> Information given:
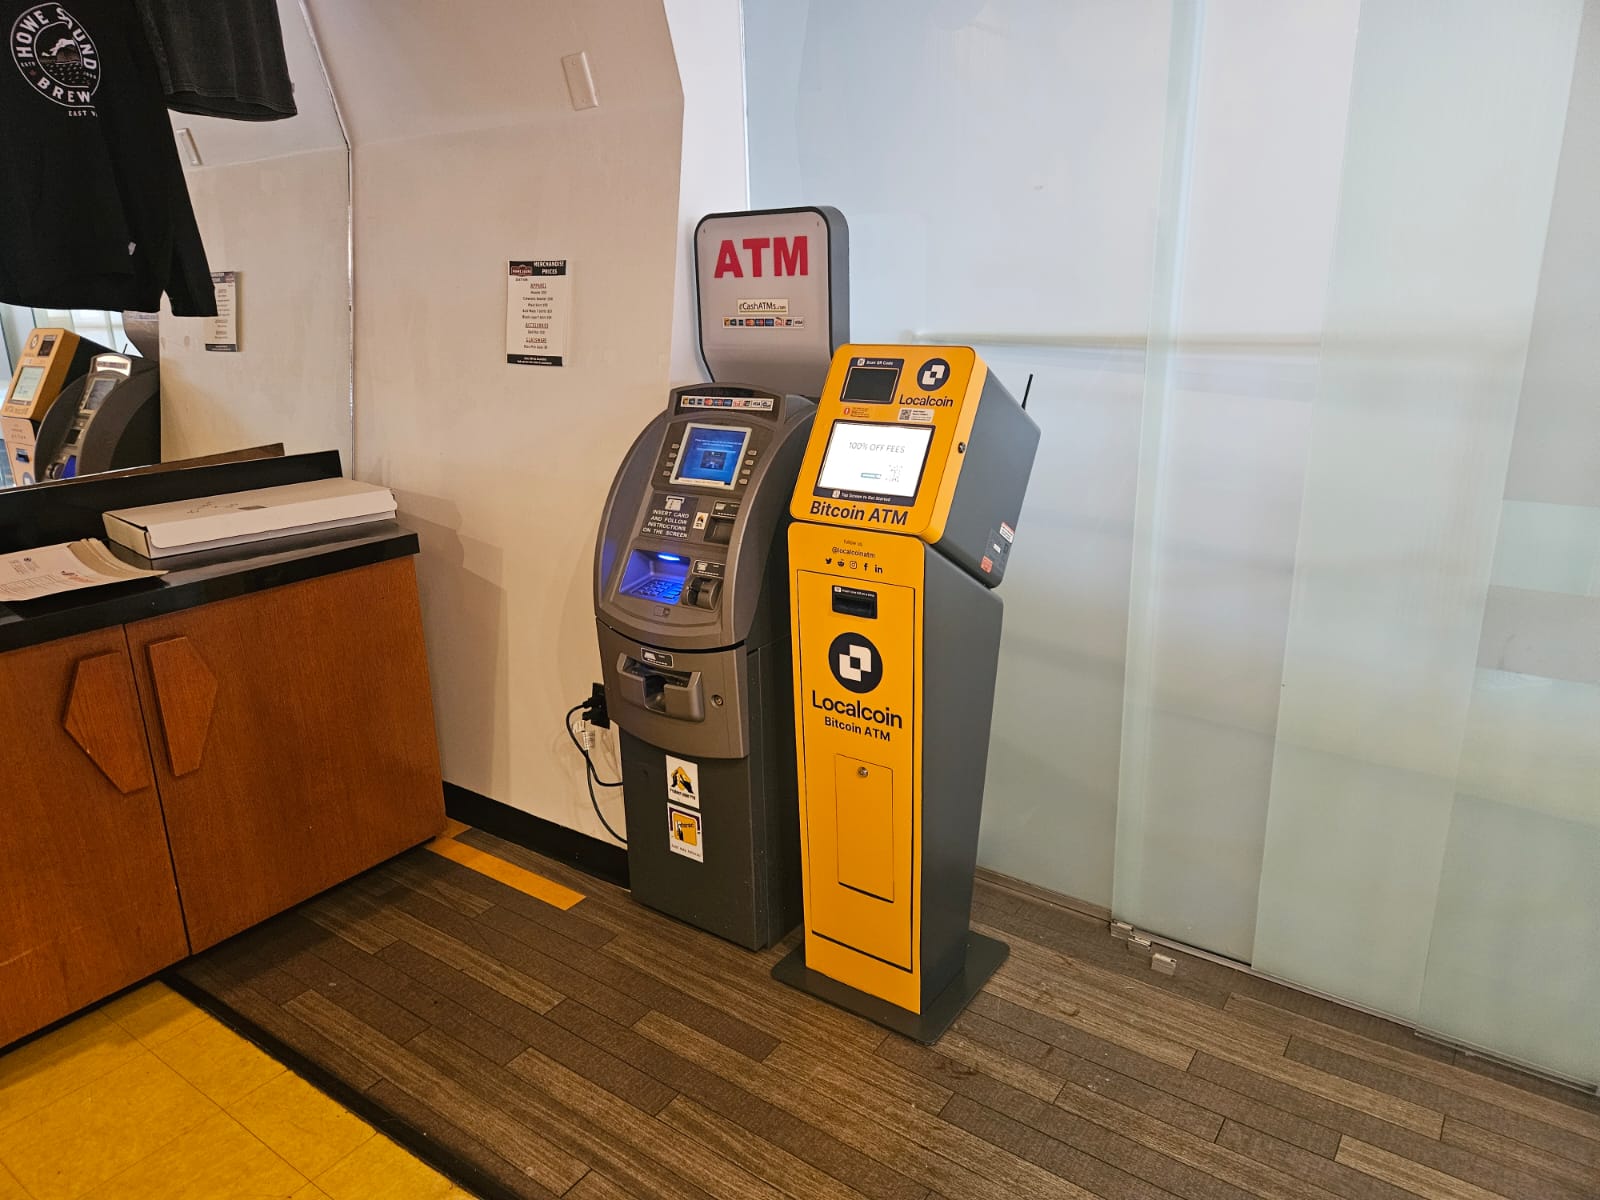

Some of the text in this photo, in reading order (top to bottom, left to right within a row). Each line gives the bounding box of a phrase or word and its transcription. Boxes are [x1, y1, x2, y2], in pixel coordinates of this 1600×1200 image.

[16, 10, 49, 58] HOWE
[714, 235, 808, 278] ATM
[899, 394, 954, 408] Localcoin
[849, 441, 905, 454] 100% OFF FEES
[810, 500, 909, 526] Bitcoin ATM
[665, 530, 688, 538] SCREEN
[812, 689, 903, 729] Localcoin
[824, 716, 891, 742] Bitcoin ATM
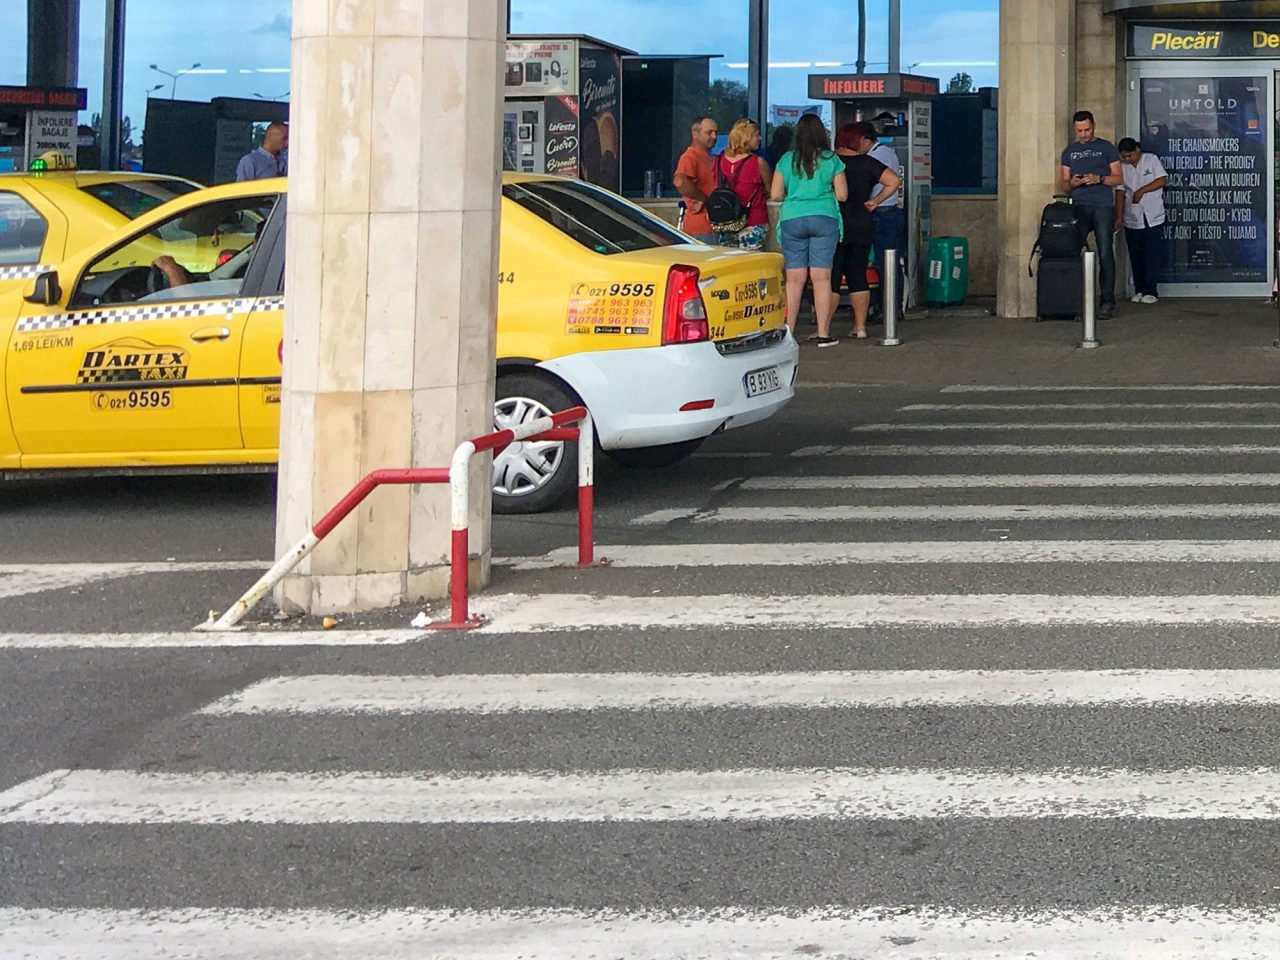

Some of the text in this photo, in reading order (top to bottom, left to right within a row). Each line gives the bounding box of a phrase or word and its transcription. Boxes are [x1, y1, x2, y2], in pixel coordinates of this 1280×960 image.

[1151, 31, 1220, 51] Plecări
[1169, 98, 1237, 110] UNTOLD
[1168, 138, 1239, 152] THE CHAINSMOKERS
[1209, 155, 1223, 169] THE
[1224, 155, 1256, 169] PRODIGY
[1189, 173, 1214, 187] ARMIN
[1215, 173, 1231, 187] VAN
[1231, 173, 1260, 187] BUUREN
[1184, 190, 1208, 205] VEGAS
[1208, 191, 1215, 204] &
[1216, 190, 1232, 204] LIKE
[1233, 190, 1252, 204] MIKE
[1183, 208, 1198, 222] DON
[1200, 208, 1226, 222] DIABLO
[1231, 208, 1251, 222] KYGO
[1174, 226, 1192, 240] AOKI
[1228, 226, 1257, 240] TUJAMO
[498, 271, 515, 284] 44
[589, 283, 656, 298] 021 9595
[610, 299, 629, 307] 963
[633, 299, 653, 308] 963
[632, 308, 652, 316] 963
[608, 317, 628, 325] 963
[631, 317, 651, 326] 963
[711, 326, 726, 339] 344
[14, 336, 74, 353] 1,69 LEI/KM
[750, 375, 757, 393] B
[757, 372, 767, 391] 93
[110, 391, 170, 409] 021 9595
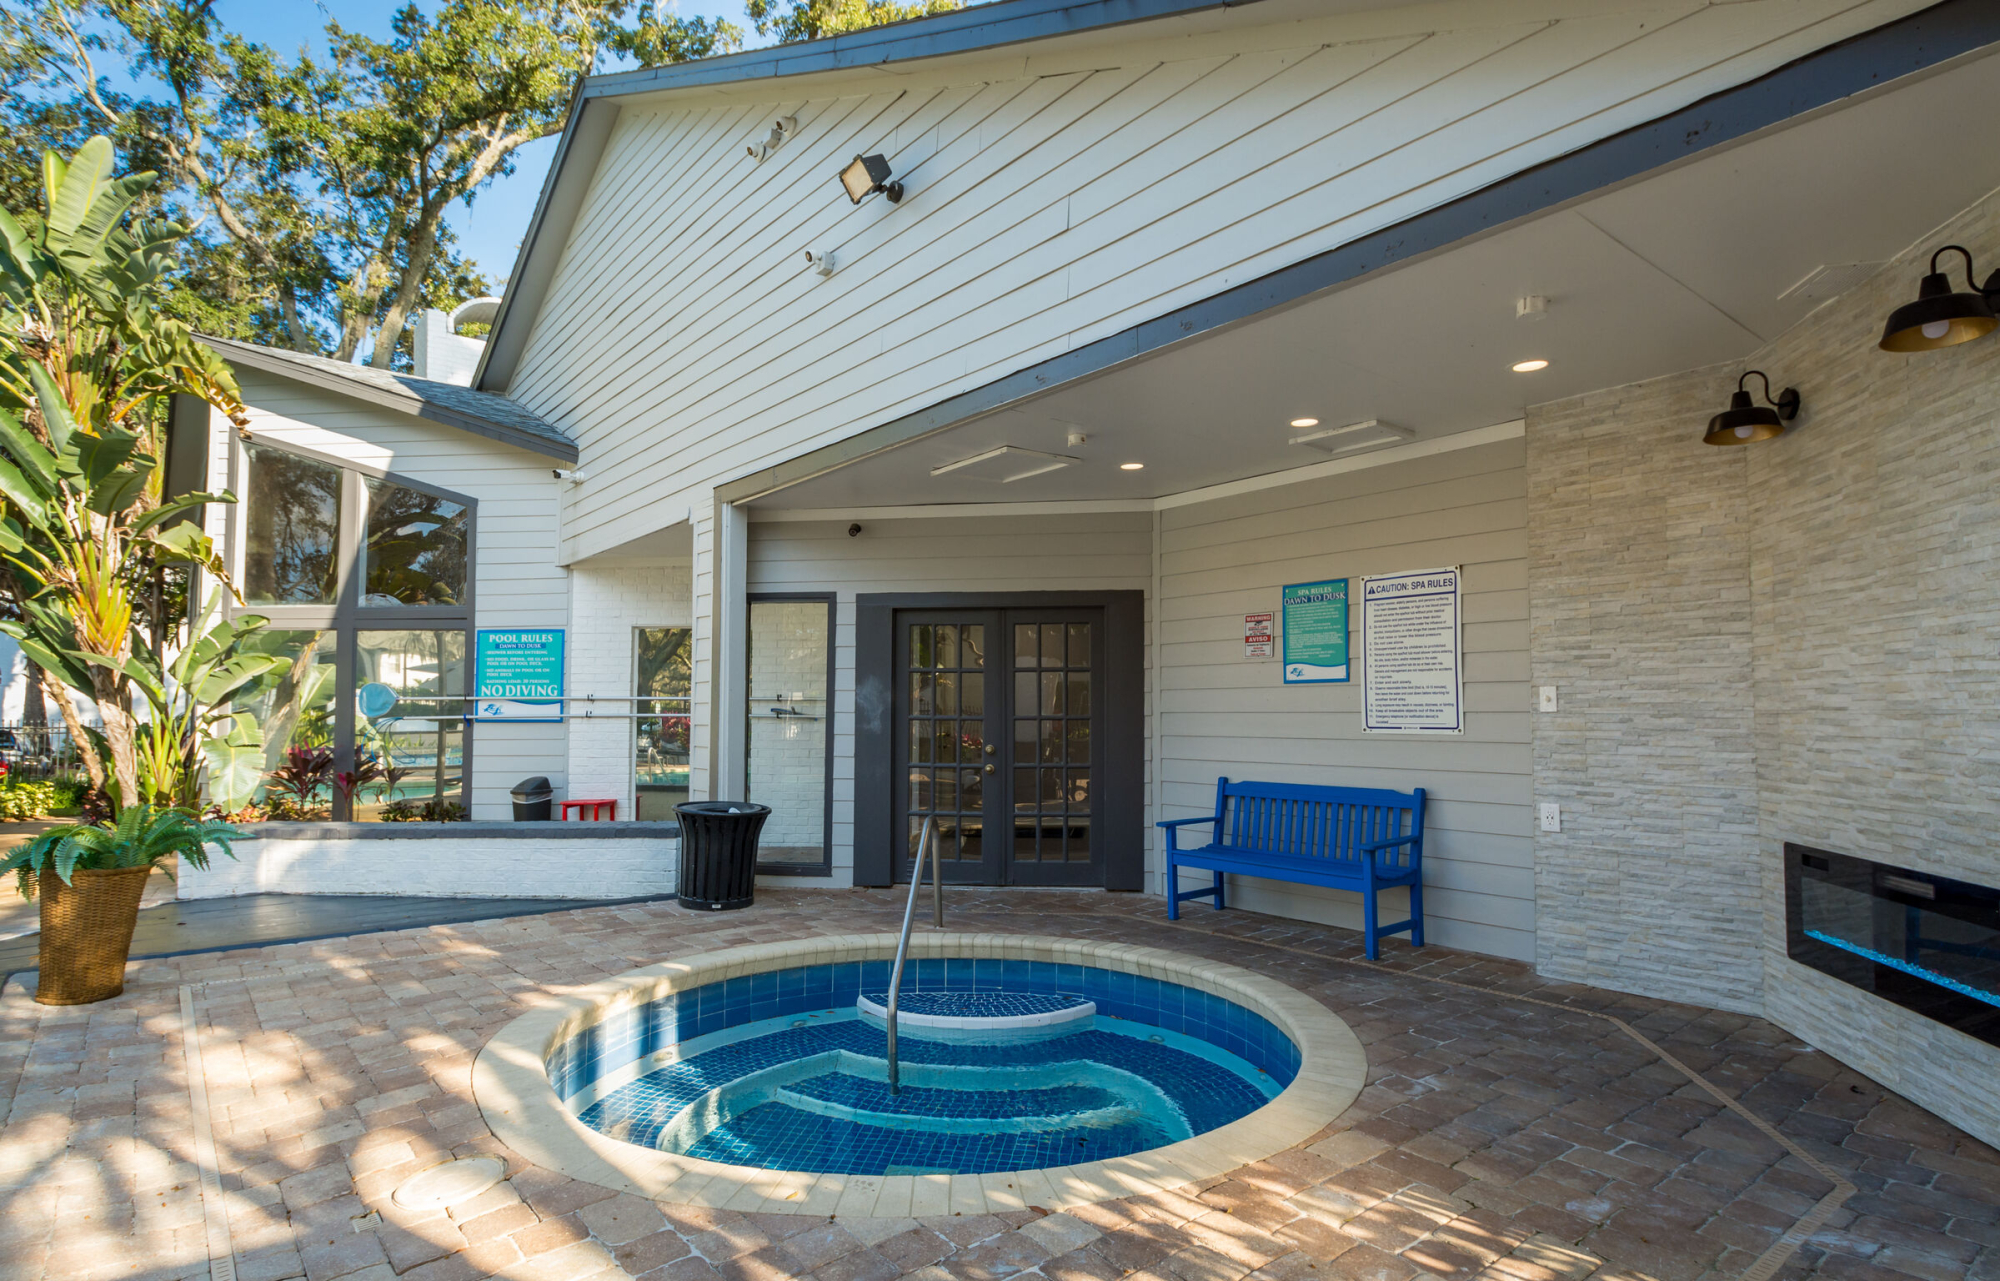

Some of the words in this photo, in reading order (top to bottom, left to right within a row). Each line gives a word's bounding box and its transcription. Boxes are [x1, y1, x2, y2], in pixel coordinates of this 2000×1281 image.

[1376, 583, 1409, 594] CAUTION:
[1411, 580, 1426, 590] SPA
[1428, 578, 1453, 588] RULES
[1284, 596, 1308, 605] DAWN
[1310, 594, 1321, 602] TO
[1323, 591, 1346, 601] DUSK
[489, 634, 518, 642] POOL
[522, 634, 553, 642] RULES
[481, 685, 503, 696] NO
[506, 685, 558, 696] DIVING
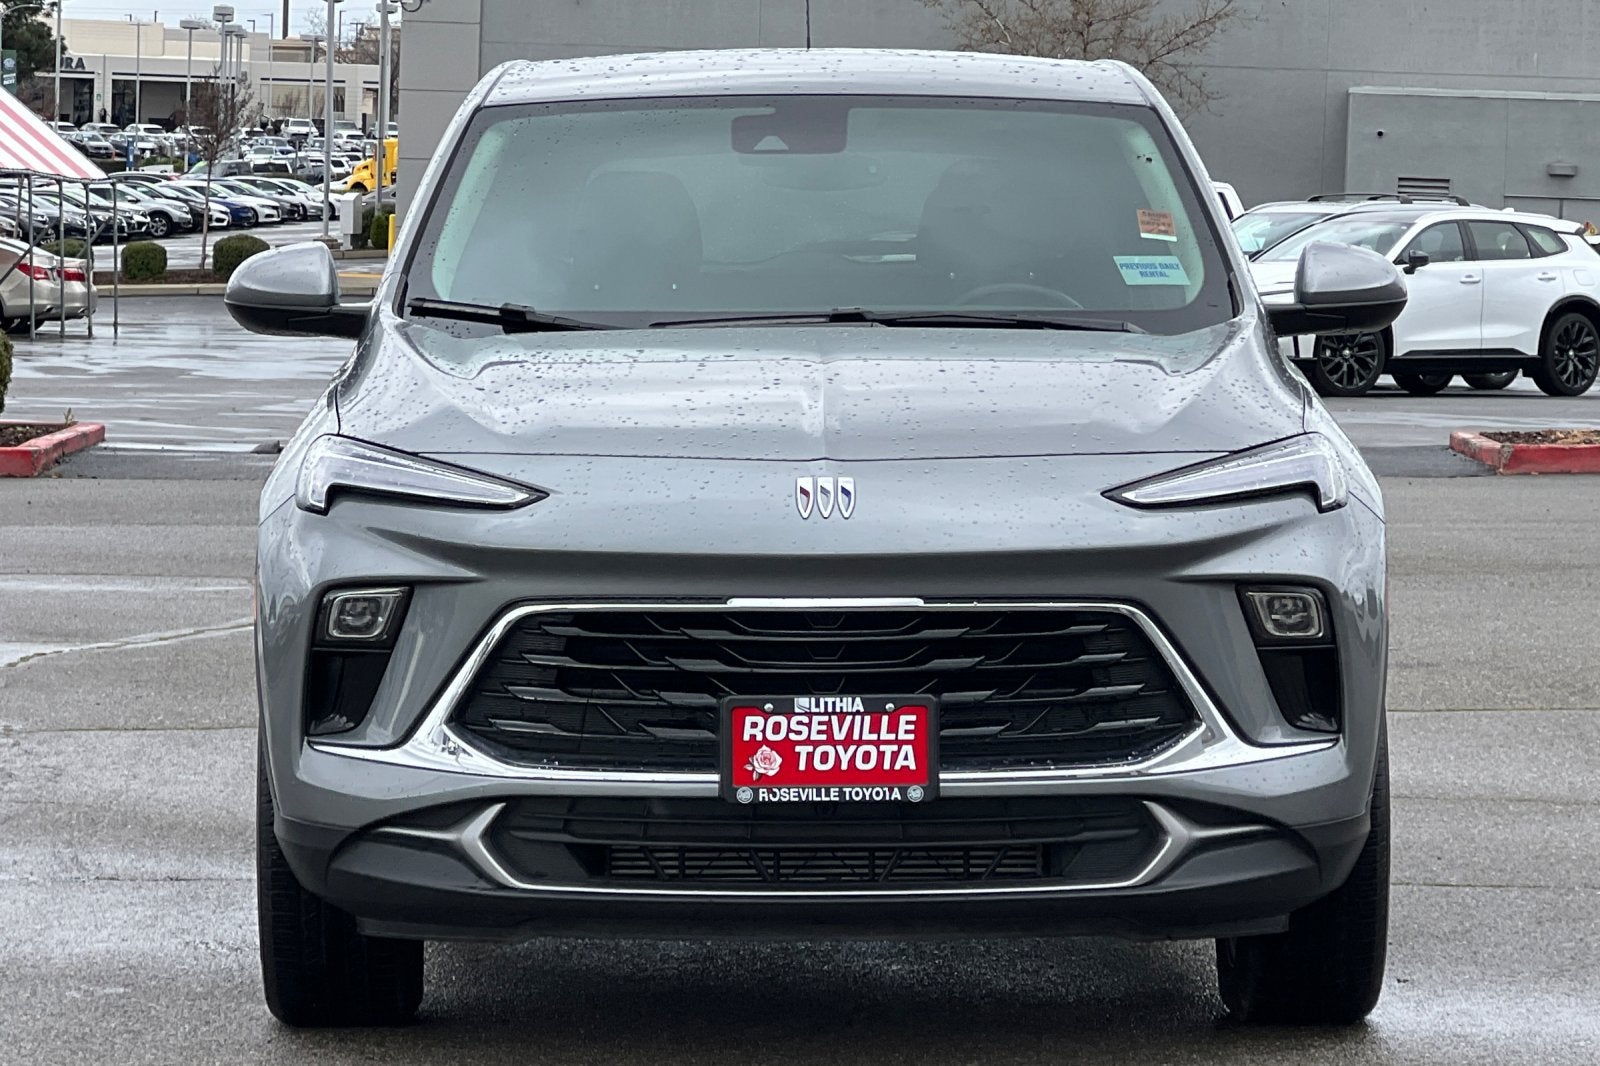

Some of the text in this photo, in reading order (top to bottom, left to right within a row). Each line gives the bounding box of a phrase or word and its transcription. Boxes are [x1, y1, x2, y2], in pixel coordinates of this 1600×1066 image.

> Task:
Set down exactly, from the line that contains "this 1280×960 image." through the last line of the data, each line as it stands, and leave the pictures out.

> Answer space:
Some of the text in this photo, in reading order (top to bottom, left to right within a row). Each line gives the bounding box of a phrase or word and its transcription. Boxes are [x1, y1, x2, y2], in pixel coordinates of this 1280×960 image.

[1151, 31, 1220, 51] Plecări
[1169, 98, 1237, 110] UNTOLD
[1168, 138, 1239, 152] THE CHAINSMOKERS
[1209, 155, 1223, 169] THE
[1224, 155, 1256, 169] PRODIGY
[1189, 173, 1214, 187] ARMIN
[1215, 173, 1231, 187] VAN
[1231, 173, 1260, 187] BUUREN
[1184, 190, 1208, 205] VEGAS
[1208, 191, 1215, 204] &
[1216, 190, 1232, 204] LIKE
[1233, 190, 1252, 204] MIKE
[1183, 208, 1198, 222] DON
[1200, 208, 1226, 222] DIABLO
[1231, 208, 1251, 222] KYGO
[1174, 226, 1192, 240] AOKI
[1228, 226, 1257, 240] TUJAMO
[498, 271, 515, 284] 44
[589, 283, 656, 298] 021 9595
[610, 299, 629, 307] 963
[633, 299, 653, 308] 963
[632, 308, 652, 316] 963
[608, 317, 628, 325] 963
[631, 317, 651, 326] 963
[711, 326, 726, 339] 344
[14, 336, 74, 353] 1,69 LEI/KM
[750, 375, 757, 393] B
[757, 372, 767, 391] 93
[110, 391, 170, 409] 021 9595

Some of the words in this photo, in reading order (top to bottom, left to right within a row). Each line gives a word's bounding box and its transcription. Boxes are [x1, y1, x2, y2], in pixel coordinates of this 2000×1281 image.

[1376, 583, 1409, 594] CAUTION:
[1411, 580, 1426, 590] SPA
[1428, 578, 1453, 588] RULES
[1284, 596, 1308, 605] DAWN
[1310, 594, 1321, 602] TO
[1323, 591, 1346, 601] DUSK
[489, 634, 518, 642] POOL
[522, 634, 553, 642] RULES
[481, 685, 503, 696] NO
[506, 685, 558, 696] DIVING

Some of the text in this photo, in reading order (top to bottom, left to right within a row). Each line gives the bounding box of a phrase or word and its transcription. Boxes are [x1, y1, x2, y2], in pixel coordinates of this 1600×1066 image.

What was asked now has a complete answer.